The root end preparation should be performed to a depth of 3 mm and stay centred within the canal structure to avoid perforation or the creation of an undercut on the buccal aspect of the cavity preparation. The use of ultrasonic, diamond-coated, right-angle tips are recommended. These come in a variety of shapes and sizes, allowing the clinician to follow the anatomy precisely. It is essential that the root end is closely inspected, as isthmuses and second canals, if not prepared, may contain bacterial biofilm and, if left, result in failure.25
Once prepared, the apical cavity must be filled. Amalgam, composite and glass ionomer are not appropriate restorative materials. The two most commonly used types of material are reinforced zinc oxide eugenols (Super EBA and IRM) and the bioactive calcium silicates (MTA, Biodentine™, Septodont, St Maur France). There may be little significant difference in outcome between the use of MTA and IRM,26 but the clinician must be aware that calcium silicates offer additional benefits that outweigh the higher financial costs: only repair occurs with IRM but, with calcium silicates, regeneration of cementum and periodontal ligament may follow.27 (Such advantages will be covered in the final paper of this series.) It is the belief of the authors that calcium silicate materials are the gold standard.
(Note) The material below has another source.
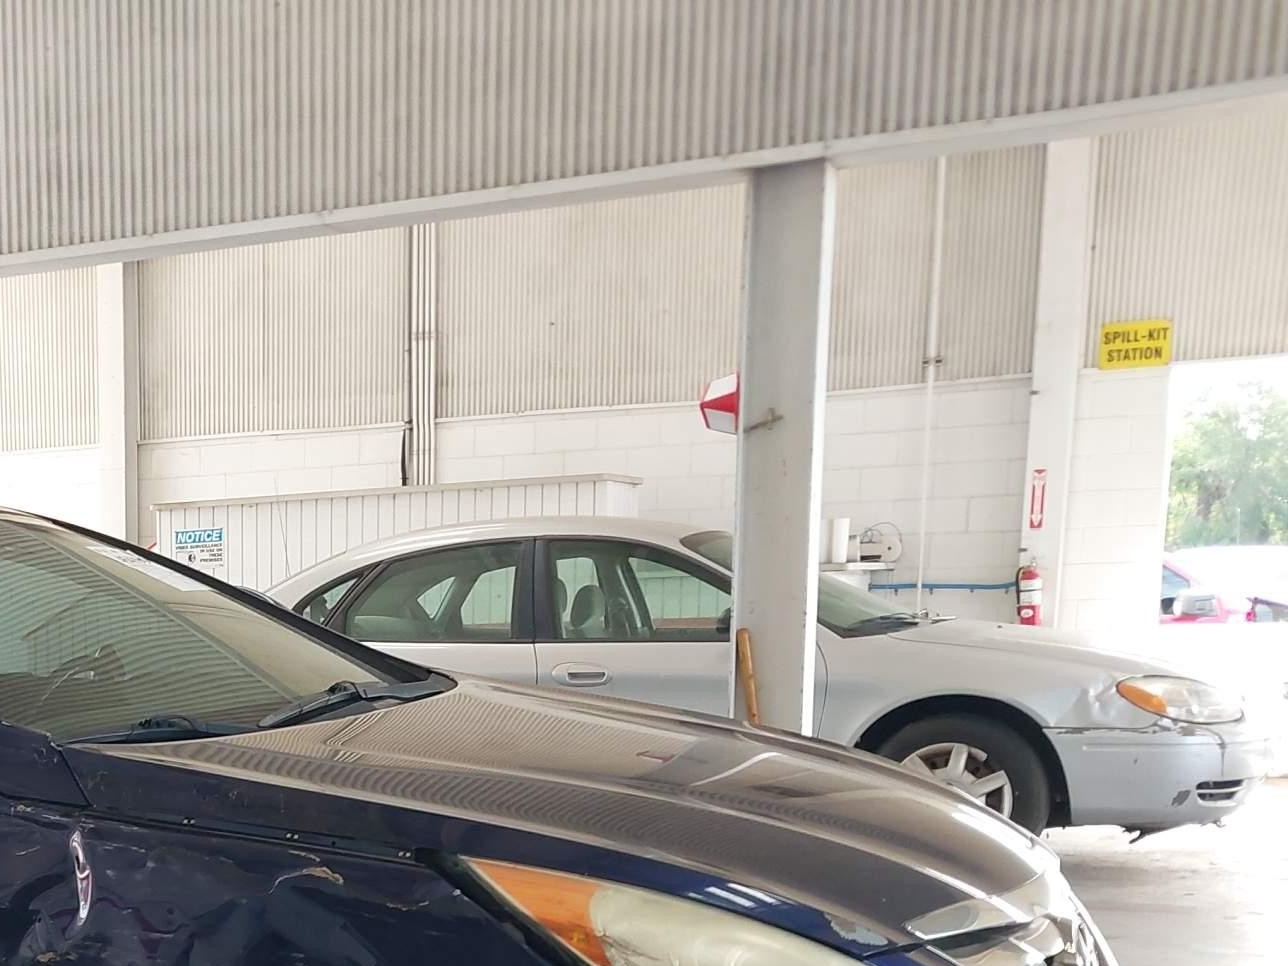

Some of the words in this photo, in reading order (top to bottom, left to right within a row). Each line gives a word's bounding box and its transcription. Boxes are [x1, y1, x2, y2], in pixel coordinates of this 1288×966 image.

[1103, 327, 1170, 345] SPILL-KIT
[1106, 346, 1163, 362] STATION
[177, 530, 220, 543] NOTICE
Care must be taken to ensure good moisture isolation. Techniques, such as the placement of bone waxes, haemostatic agents (ferric sulphate), resorbable agents (Surgicel®) or vasoconstrictors into the osteotomy have been advocated but, more simply, ribbon gauze carefully packed around the root tip will control bleeding. It is for this reason that local anaesthetic for periapical surgery should contain epinephrine, unless there are specific contra-indications. MTA can be difficult to handle and instruments are available to help manipulate and compact the material into the prepared cavity (Figure 22). The material should be carefully compacted to ensure three-dimensional obturation and improved peripheral seal. Once filled, the apex should be carefully inspected for voids.
Monofilament sutures have replaced braided silk sutures. The latter accumulate plaque and delay healing through a wicking effect into the tissues, resulting in inflammation. The use of 5-0 and 6-0 polypropylene sutures leaves a smaller wound that heals faster. Sutures should be removed at 3–5 days.28
Modern endodontic success rates have been quoted as high as 96%.29 There is some evidence that, although surgical treatment is associated with a higher short-term success, long-term success rates are not so favourable.30 This is thought to be related to the persistence of micro-organisms within the canal structure. Furthermore, success rates are significantly higher where there is evidence of good orthograde treatment.31 It is therefore imperative that the clinician should, wherever possible, attempt orthograde root canal treatment before electing a surgical approach.
This paper has highlighted some of the more challenging endodontic situations faced by clinicians and provided the reader with an overview of the principles, modern techniques and materials for managing them.